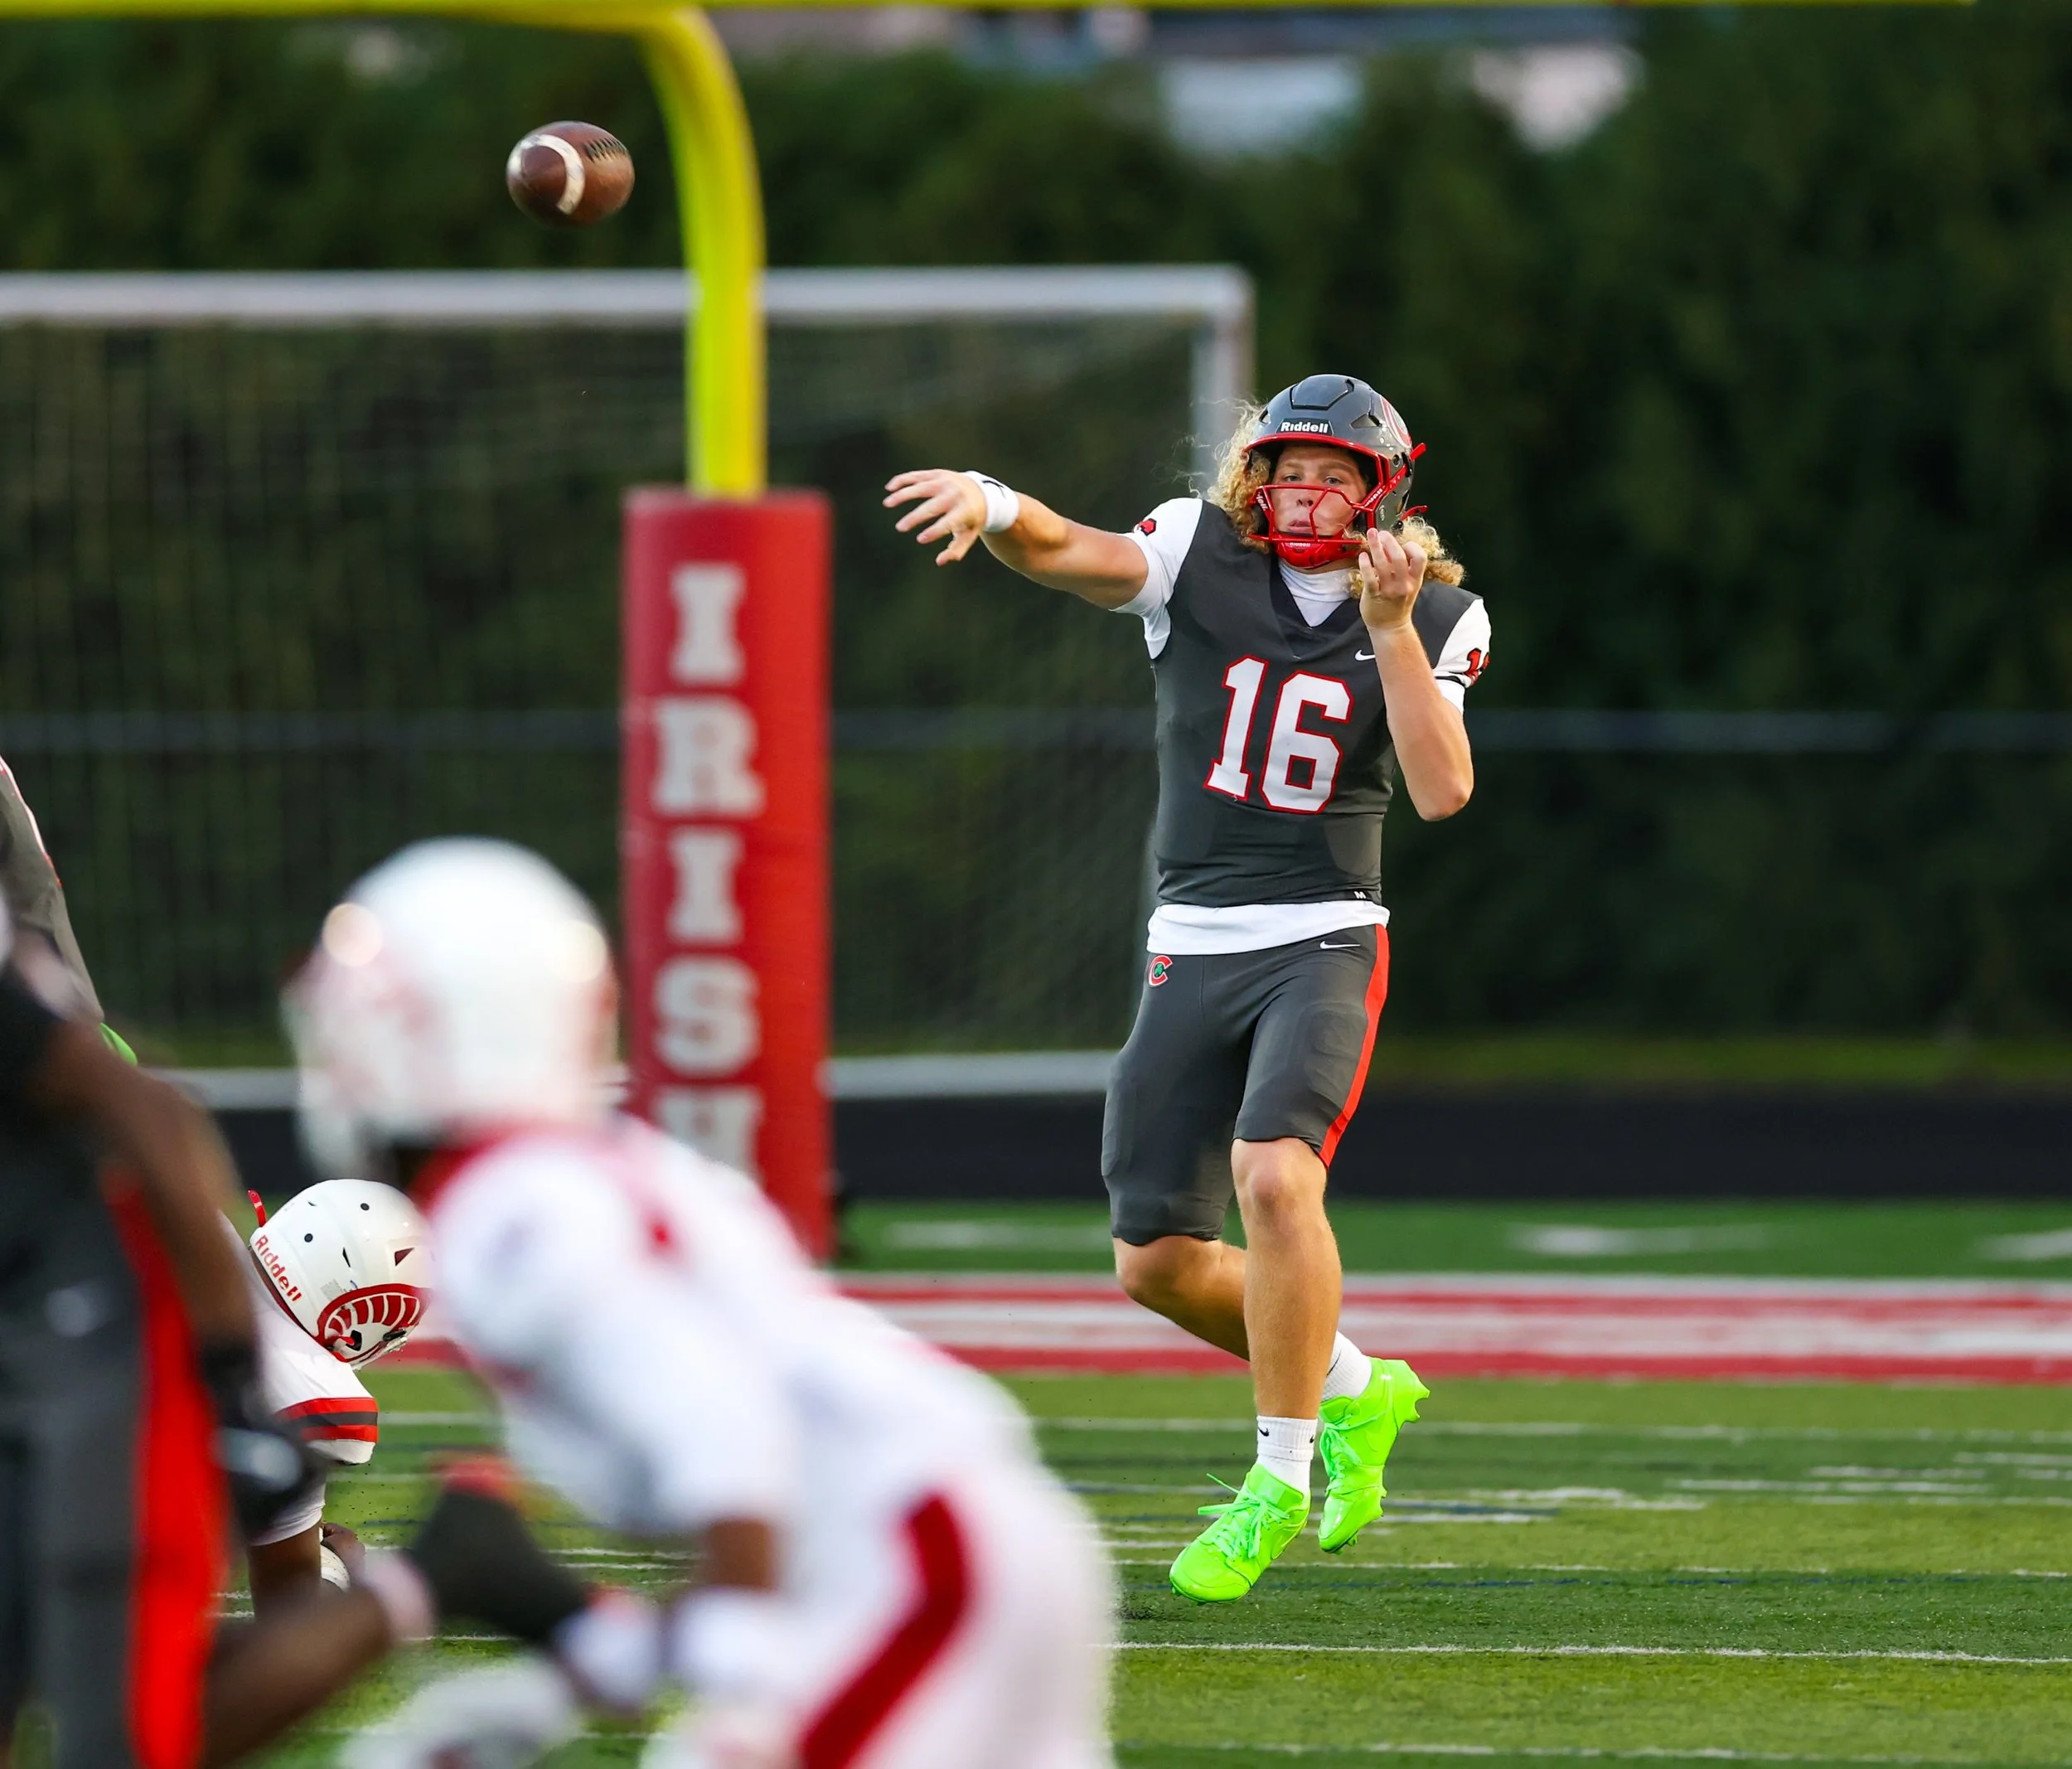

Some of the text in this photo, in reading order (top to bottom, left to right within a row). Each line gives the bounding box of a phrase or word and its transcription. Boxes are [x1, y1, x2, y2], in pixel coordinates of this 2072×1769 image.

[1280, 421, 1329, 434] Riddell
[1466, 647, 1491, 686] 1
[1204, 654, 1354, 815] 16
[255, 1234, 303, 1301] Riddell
***
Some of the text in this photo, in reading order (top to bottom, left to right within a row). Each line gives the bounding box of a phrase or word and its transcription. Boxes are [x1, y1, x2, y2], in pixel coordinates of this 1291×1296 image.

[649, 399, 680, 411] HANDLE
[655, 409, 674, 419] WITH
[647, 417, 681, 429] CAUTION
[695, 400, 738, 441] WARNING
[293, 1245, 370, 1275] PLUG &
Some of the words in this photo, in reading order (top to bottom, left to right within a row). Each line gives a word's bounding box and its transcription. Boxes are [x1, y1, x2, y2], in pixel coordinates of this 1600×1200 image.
***
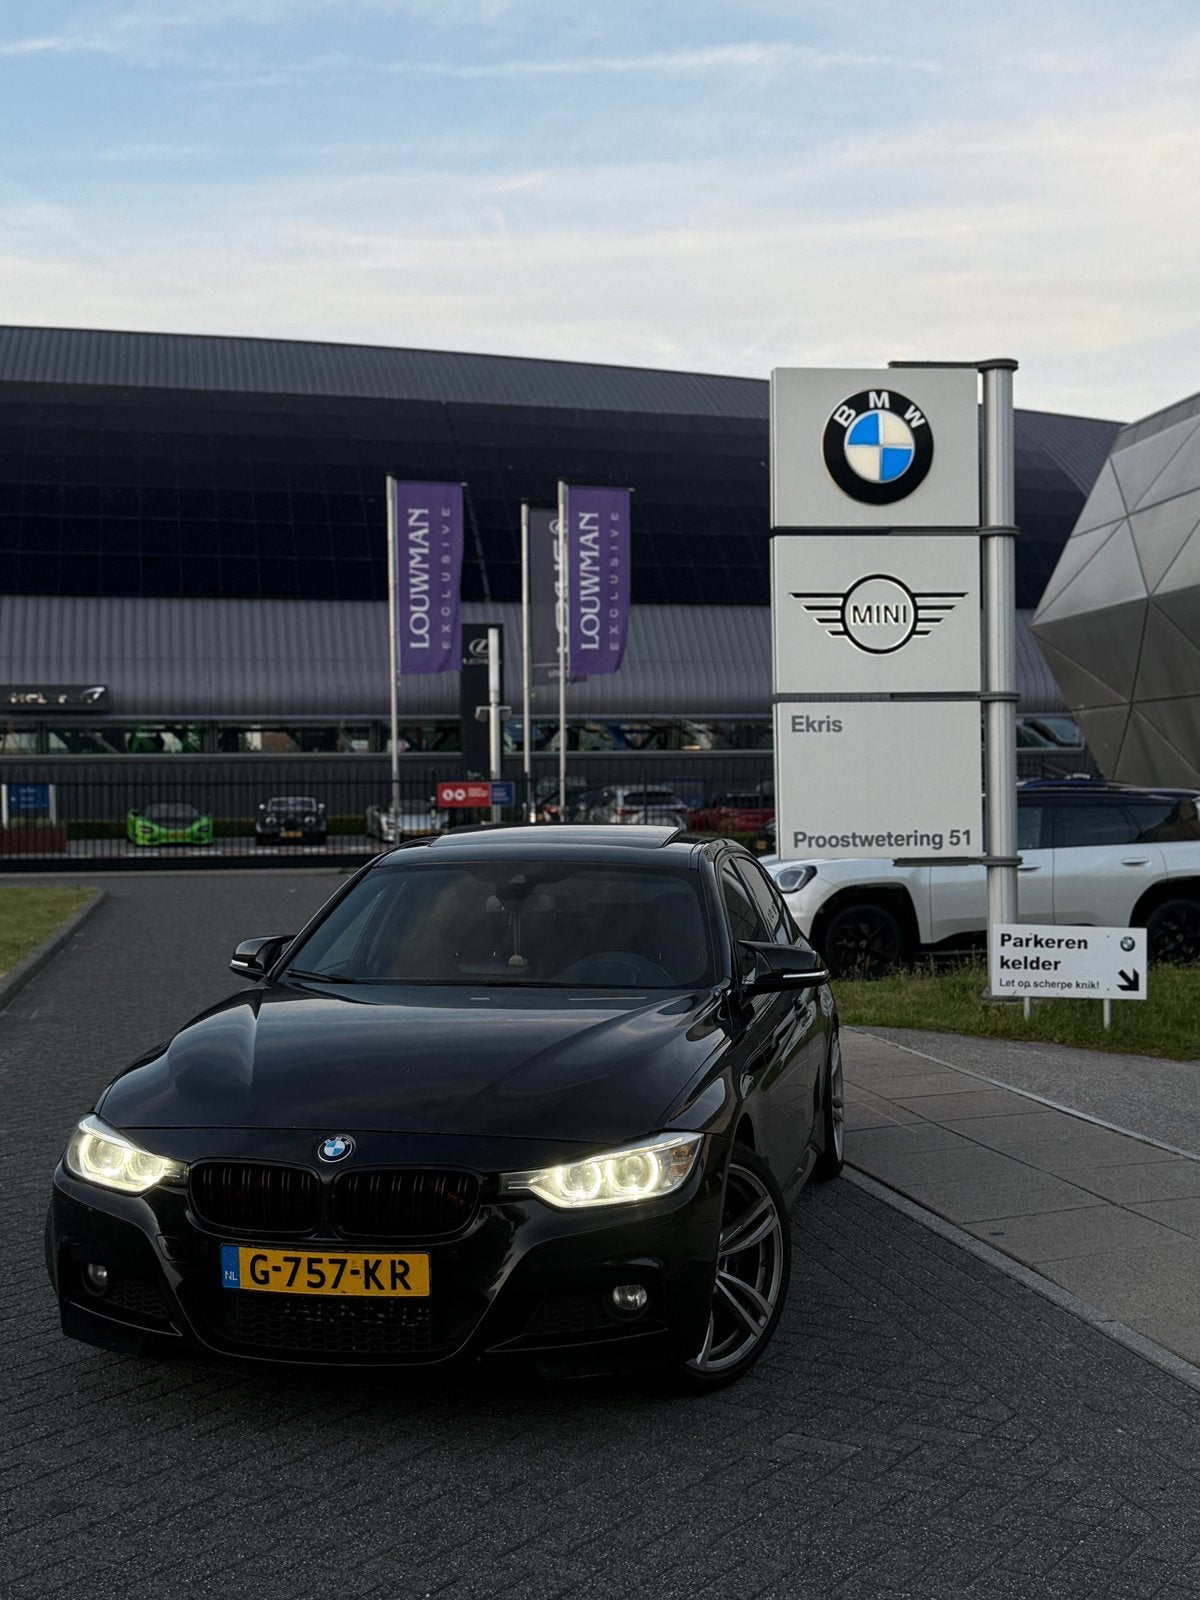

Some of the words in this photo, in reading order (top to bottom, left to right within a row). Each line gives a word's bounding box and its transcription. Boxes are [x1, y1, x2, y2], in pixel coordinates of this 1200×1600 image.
***
• **Assignment**
Copy the stretch of the records above that runs from the line with "this 1291×1296 image." through the line with "this 1600×1200 image.". Both end lines belong in the copy, and nothing else does.

• **Final answer**
Some of the text in this photo, in reading order (top to bottom, left to right within a row). Each line gives the bounding box of a phrase or word and its transcription. Boxes are [x1, y1, x2, y2], in pixel coordinates of this 1291×1296 image.

[649, 399, 680, 411] HANDLE
[655, 409, 674, 419] WITH
[647, 417, 681, 429] CAUTION
[695, 400, 738, 441] WARNING
[293, 1245, 370, 1275] PLUG &
Some of the words in this photo, in reading order (top to bottom, left to right within a row). Each line gives a word's bounding box and its transcription. Boxes are [x1, y1, x2, y2], in pixel coordinates of this 1600×1200 image.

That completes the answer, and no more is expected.